5 AI Trends to Watch in 2020
What AI trends should you keep an eye on? As Udemy instructors and the founders of SuperDataScience, a common refrain we hear from students and companies is that there are too many artificial intelligence trends to keep up with — how do you know which one matters and will still be in use in five years? If you train your team of data scientists in machine learning, will it have a lasting impact on the business? What other businesses are using this technology, and is it working for them?
We recently hosted a webinar on Udemy for Business that cuts through the AI hype and focuses on which technologies companies and individuals should consider adopting in the coming decade. As AI becomes ubiquitous, it can also be challenging to know which buzzword is worth the investment. In this article, we examine 5 AI trends that we’re telling students and businesses to follow in 2020 and beyond.
Additionally, exclusive to Udemy for Business users, I launched 7 new Executive Briefing courses for organizational leaders and non-technical professionals who would like to gain a better understanding of these skills and their application in the real world. Learn more about these courses with a Udemy for Business demo.

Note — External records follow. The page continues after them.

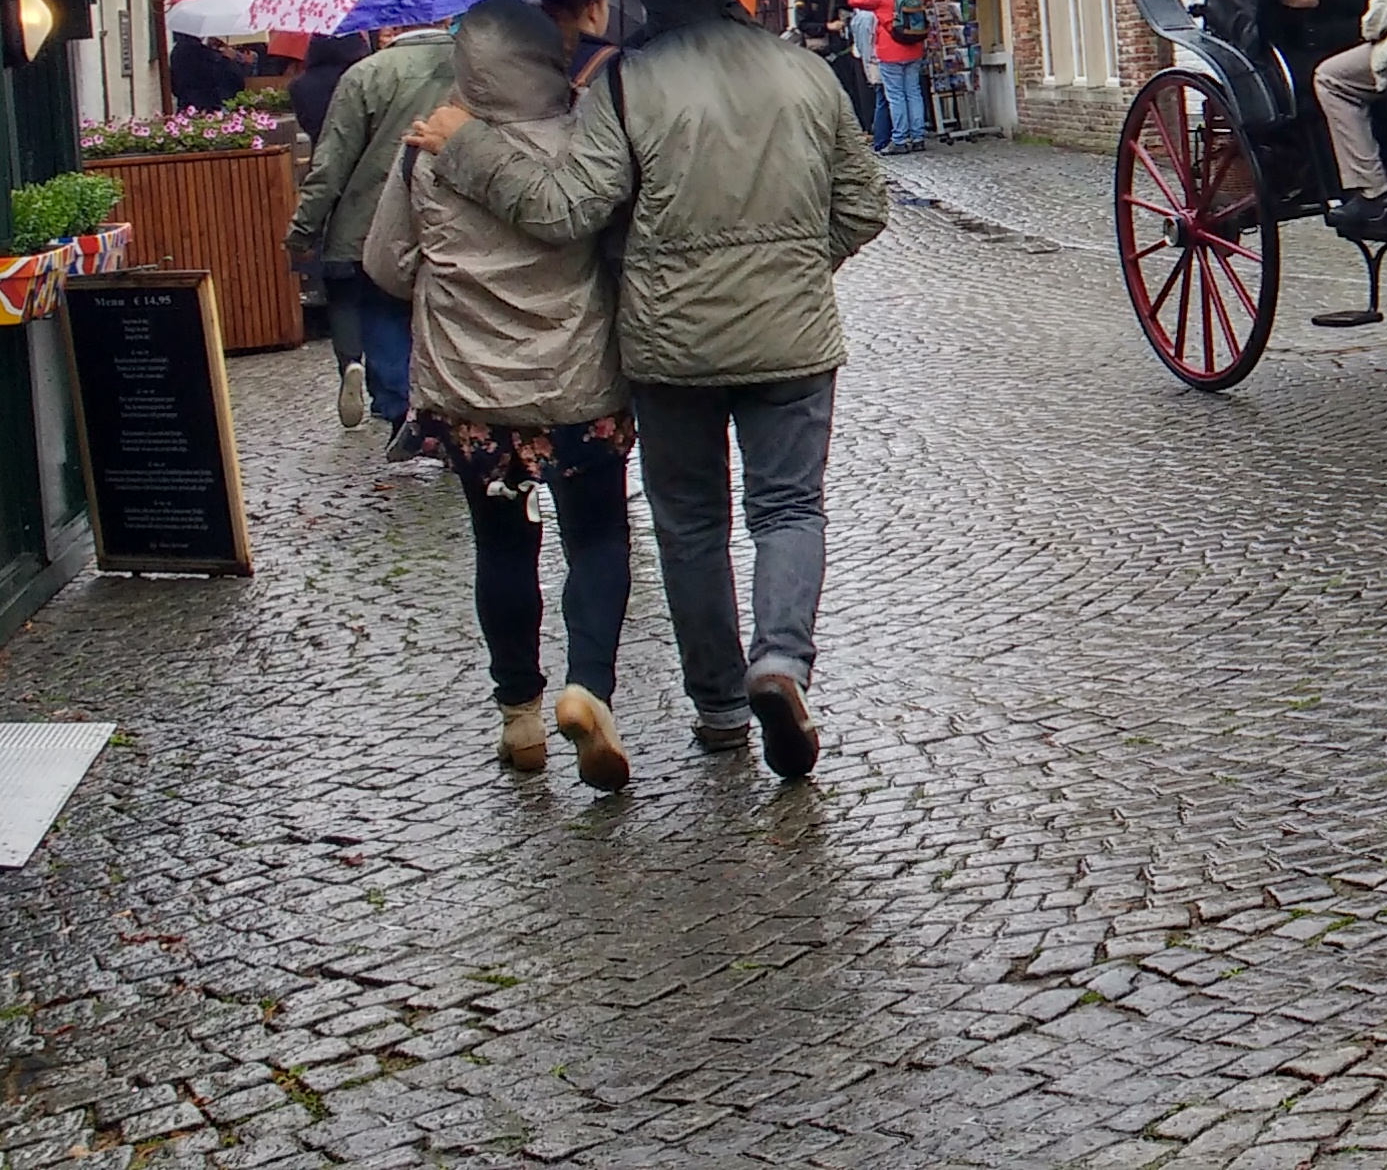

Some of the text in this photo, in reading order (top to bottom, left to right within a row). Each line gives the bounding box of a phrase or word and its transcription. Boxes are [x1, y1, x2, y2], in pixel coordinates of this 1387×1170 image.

[94, 295, 172, 307] Menu € 14,95
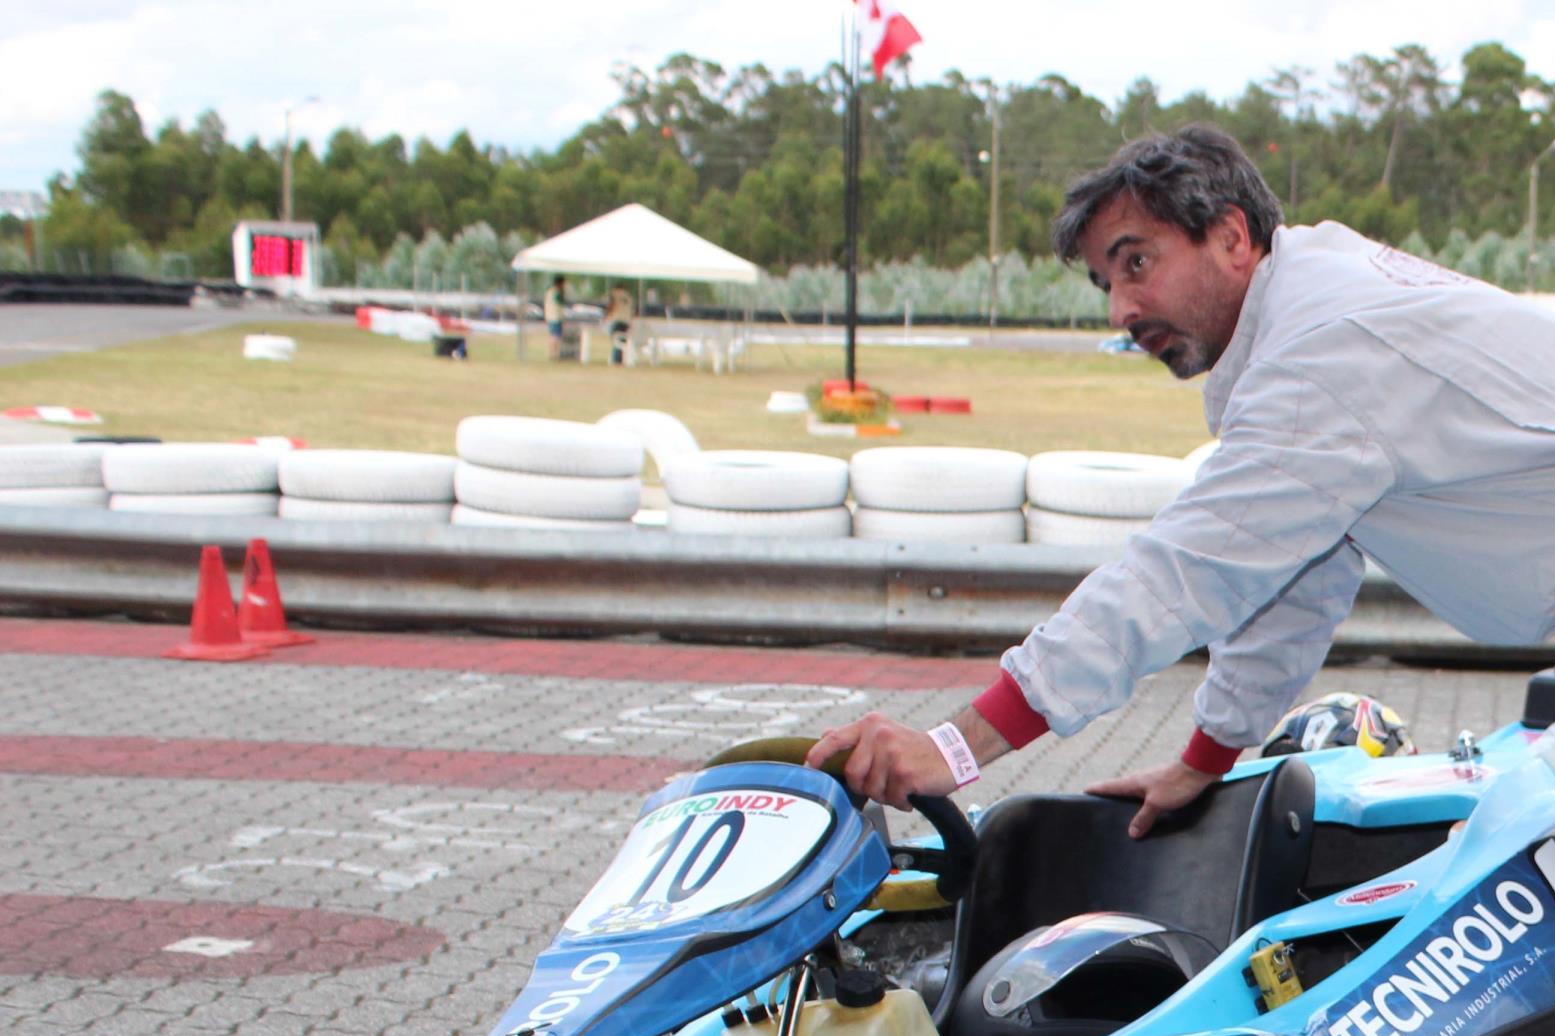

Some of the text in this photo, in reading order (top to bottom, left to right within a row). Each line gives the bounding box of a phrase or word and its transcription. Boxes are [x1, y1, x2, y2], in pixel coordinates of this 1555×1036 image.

[643, 795, 798, 828] EUROINDY
[628, 809, 746, 906] 10
[1464, 965, 1528, 1019] INDUSTRIAL,
[1524, 946, 1548, 966] S.A.

5 AI Trends to Watch in 2020
1. Robotic Process Automation (RPA)
Robotic Process Automation (RPA) is a simple AI technology, but also one of the most disruptive. Imagine your job requires you to perform a high-volume, repetitive task on the computer. Maybe it’s related to invoicing a client. This requires you to open an email attachment, copy data from the attachment into a CRM database, then grab related data from a different database, and send that new data in an email reply. The same task is done multiple times per day and prevents you from working on projects that you’re more interested in.

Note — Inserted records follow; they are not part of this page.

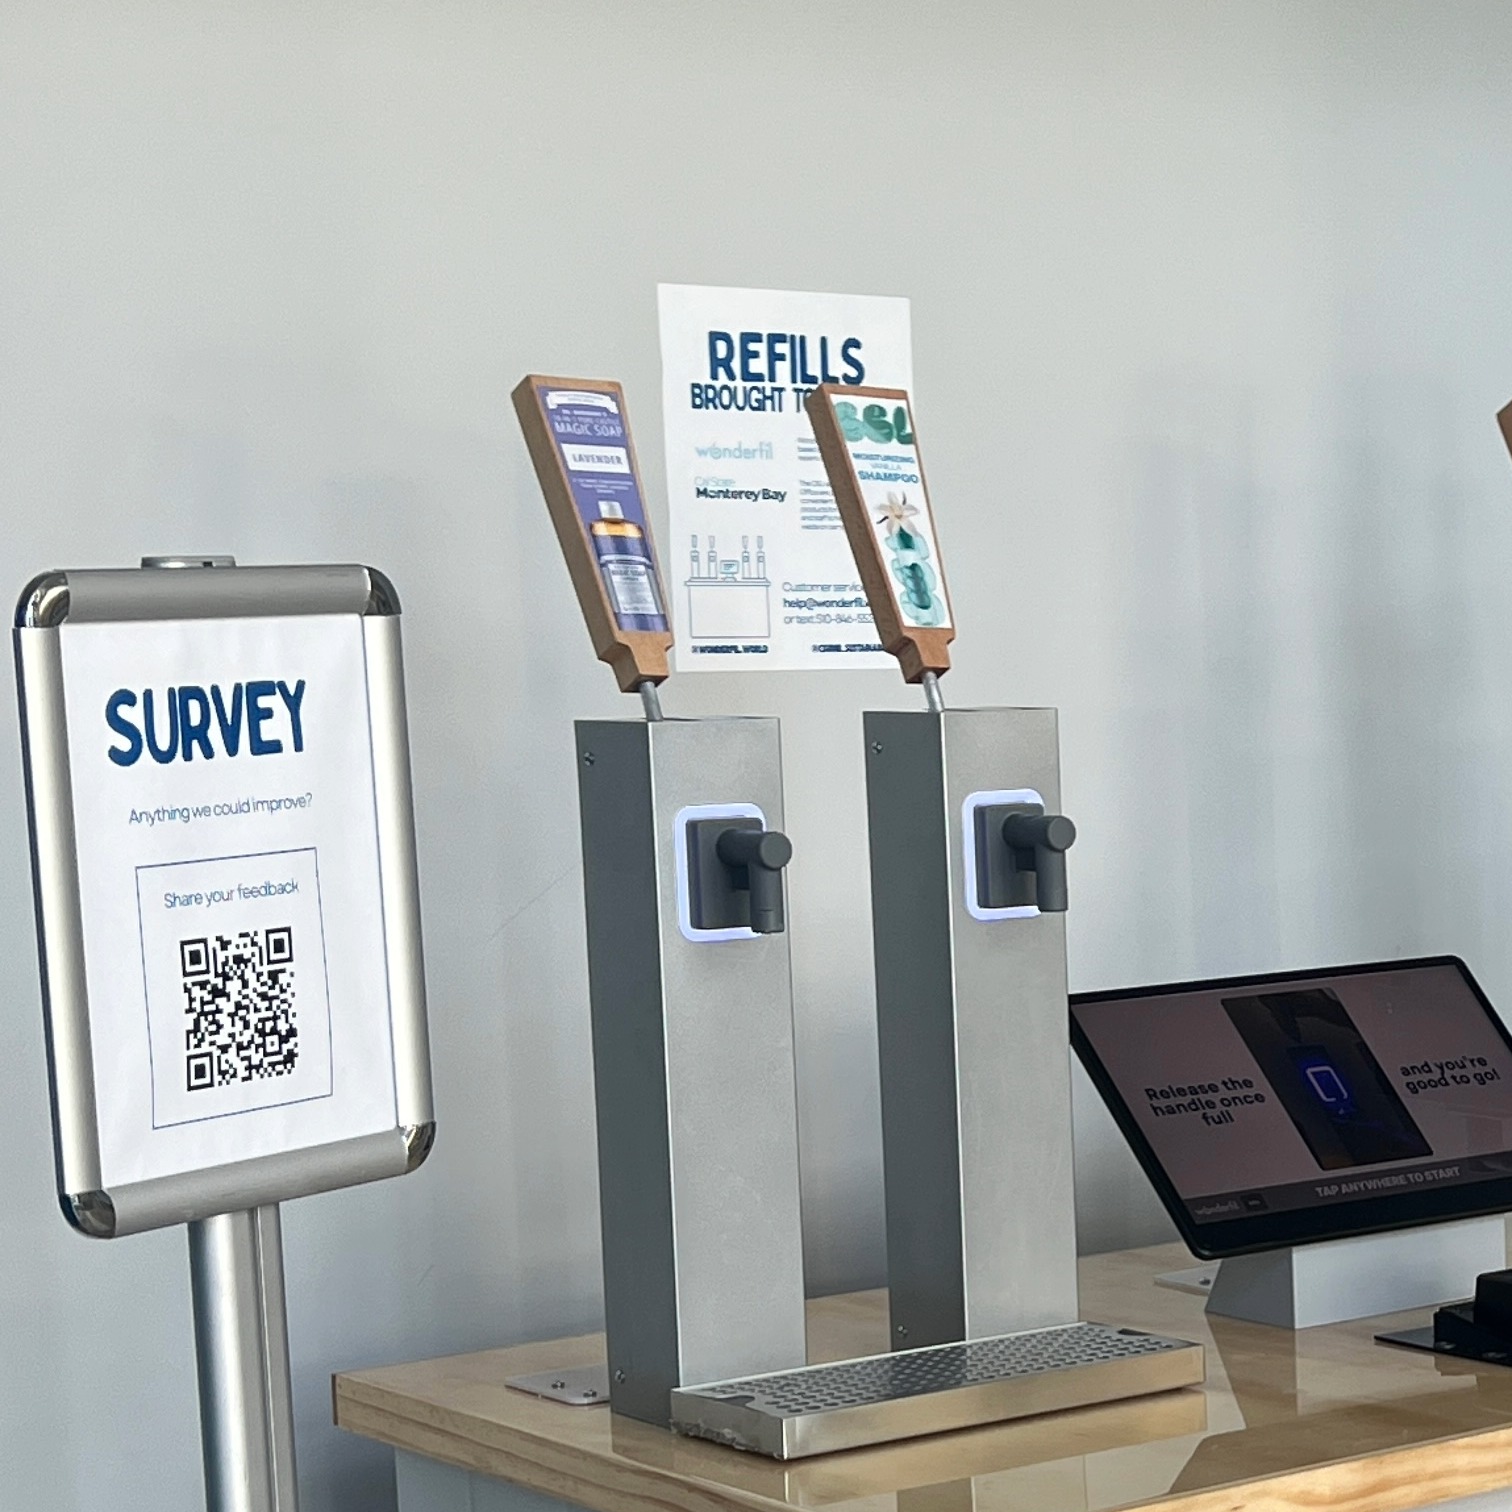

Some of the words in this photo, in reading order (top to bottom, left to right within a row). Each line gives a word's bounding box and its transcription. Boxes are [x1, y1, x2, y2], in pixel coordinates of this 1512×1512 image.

[708, 331, 865, 385] REFILLS
[690, 383, 786, 412] BROUGHT
[793, 386, 815, 412] T
[554, 422, 592, 435] MAGIC
[593, 424, 622, 437] SOAP
[572, 453, 623, 465] LAVENDER
[695, 441, 773, 460] wonderfil
[858, 470, 919, 484] SHAMPOO
[696, 487, 760, 502] Monterey
[761, 488, 787, 502] Bay
[105, 678, 306, 767] SURVEY
[129, 804, 190, 826] Anything
[190, 804, 211, 819] we
[213, 797, 251, 818] could
[251, 791, 313, 819] improve?
[164, 889, 203, 910] Share
[205, 884, 234, 905] your
[237, 878, 299, 899] feedback
[1400, 1060, 1433, 1076] and
[1434, 1055, 1488, 1079] you're
[1145, 1082, 1220, 1101] Release
[1221, 1077, 1254, 1091] the
[1405, 1077, 1450, 1095] good
[1450, 1074, 1471, 1085] to
[1473, 1067, 1501, 1086] go!
[1150, 1098, 1217, 1117] handle
[1220, 1092, 1266, 1108] once
[1202, 1110, 1235, 1126] full
[1316, 1184, 1339, 1198] TAP
[1341, 1174, 1406, 1195] ANYWHERE
[1408, 1172, 1424, 1184] TO
[1425, 1166, 1460, 1182] START

Robotic Process Automation is a type of software robot that can take on these manual repetitive tasks. Using the example above, an RPA tool would read the email, open the attachment, copy data into a CRM, get data from a different database, and even send the email reply. If there were an escalation requiring human intervention, the RPA would notify the employee to step in. In a nutshell, RPA removes mundane tasks and frees up people for more exciting work, a key AI trend for companies to consider.
Key RPA applications: Invoicing, billing, payroll processing, data extraction and aggregation, shipment scheduling and tracking.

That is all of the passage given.